Observant Jews recite the Amidah at each of three prayer services in a typical weekday: morning, afternoon, and evening. A special abbreviated Amidah is also the core of the  Mussaf  ("Additional") service that is recited on Shabbat (the Jewish Sabbath), Rosh Chodesh (the day of the New Moon), and Jewish festivals, after the morning Torah reading, with various forms of the Amidah that depend on the occasion. The typical weekday Amidah actually consists of nineteen blessings, though it originally had eighteen; when the Amidah is modified for specific prayers or occasions, the first three blessings and the last three remain constant, framing the Amidah used in each service, while the middle thirteen blessings are replaced by blessings specific to the occasion.

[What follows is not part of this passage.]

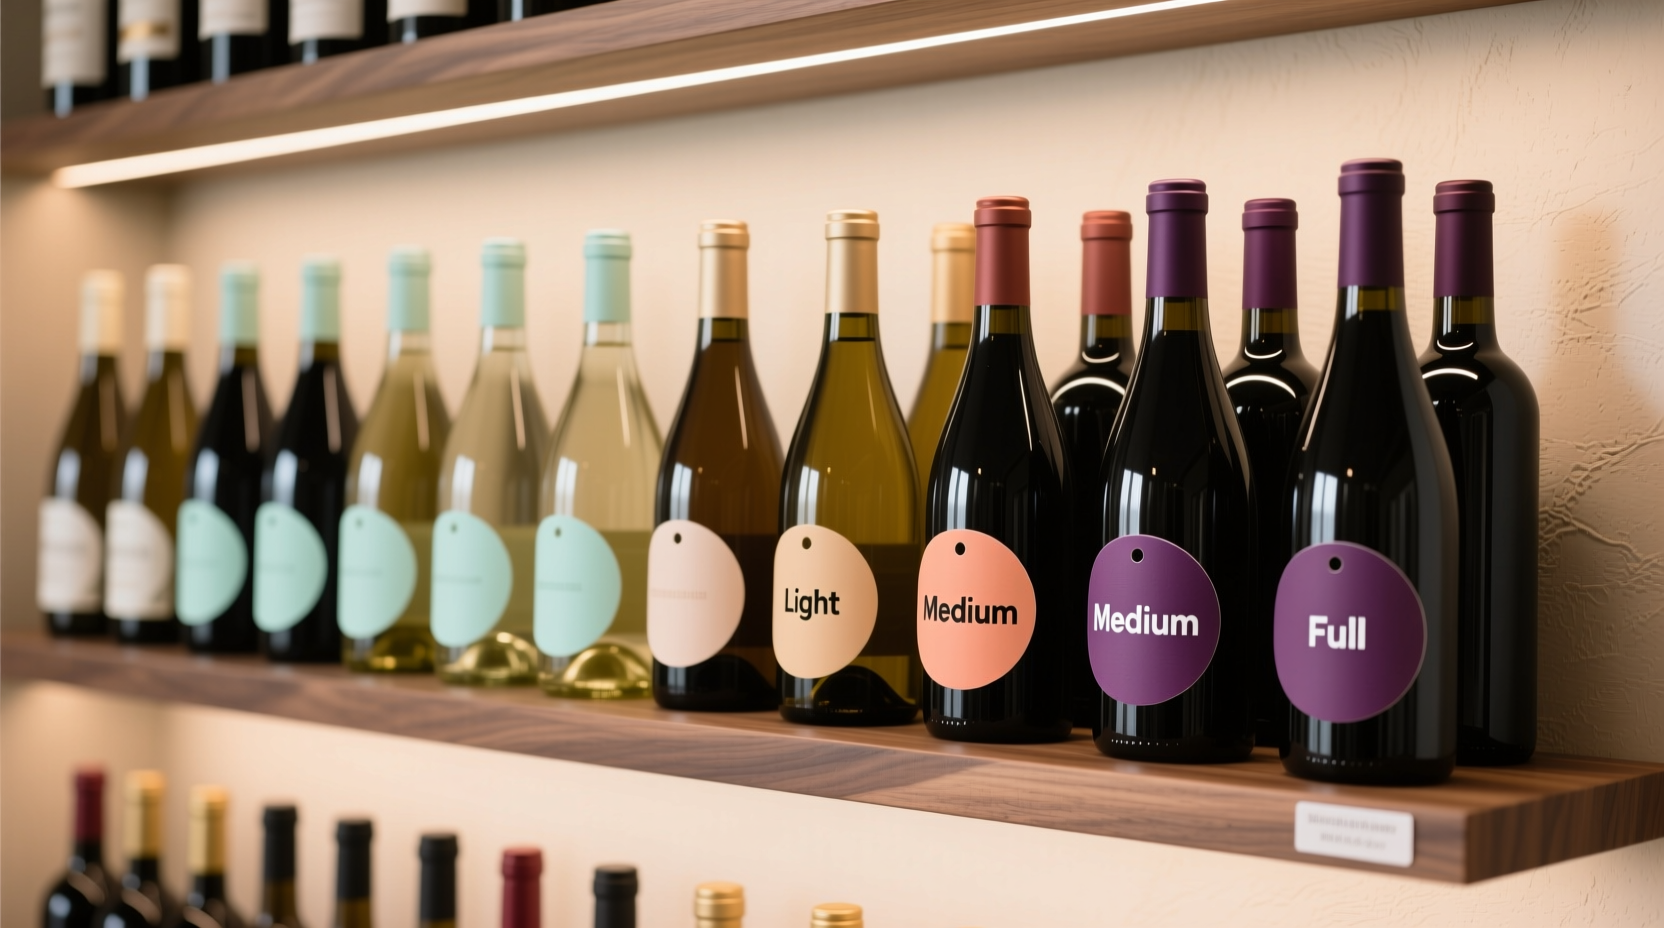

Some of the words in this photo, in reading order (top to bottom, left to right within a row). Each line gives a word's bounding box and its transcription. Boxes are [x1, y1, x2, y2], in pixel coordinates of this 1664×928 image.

[784, 588, 840, 621] Light
[923, 595, 1018, 625] Medium
[1093, 603, 1199, 636] Medium
[1308, 615, 1366, 650] Full

The language of the Amidah most likely dates from the mishnaic period, both before and after the destruction of the Temple (70 CE) at which time it was considered unnecessary to prescribe its text and content.[1] The Talmud indicates that when Rabbi Gamaliel II undertook to fix definitely the public service and to regulate private devotion, he directed Samuel ha-Katan to write another paragraph inveighing against informers and heretics, which was inserted as the twelfth prayer in modern sequence, making the number of blessings nineteen.[2] Other sources, also in the Talmud, indicate, however, that this prayer was part of the original 18;[3] and that 19 prayers came about when the 15th prayer for the restoration of Jerusalem and of the throne of David (coming of the Messiah) was split into two.[4]

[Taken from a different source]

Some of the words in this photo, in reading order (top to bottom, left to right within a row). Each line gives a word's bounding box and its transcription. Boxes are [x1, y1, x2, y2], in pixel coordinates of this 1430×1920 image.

The prayer is recited standing with feet firmly together, and preferably while facing Jerusalem. In Orthodox public worship, the Shemoneh Esrei is usually first prayed silently by the congregation and is then repeated aloud by the  chazzan  (reader); the repetition's original purpose was to give illiterate members of the congregation a chance to participate in the collective prayer by answering "Amen." Conservative and Reform congregations sometimes abbreviate the public recitation of the Amidah according to their customs. The rules governing the composition and recital of the Amidah are discussed primarily in the Talmud, in Chapters 4–5 of Berakhot; in the Mishneh Torah, in chapters 4–5 of  Hilkhot Tefilah ; and in the Shulchan Aruch, Laws 89–127.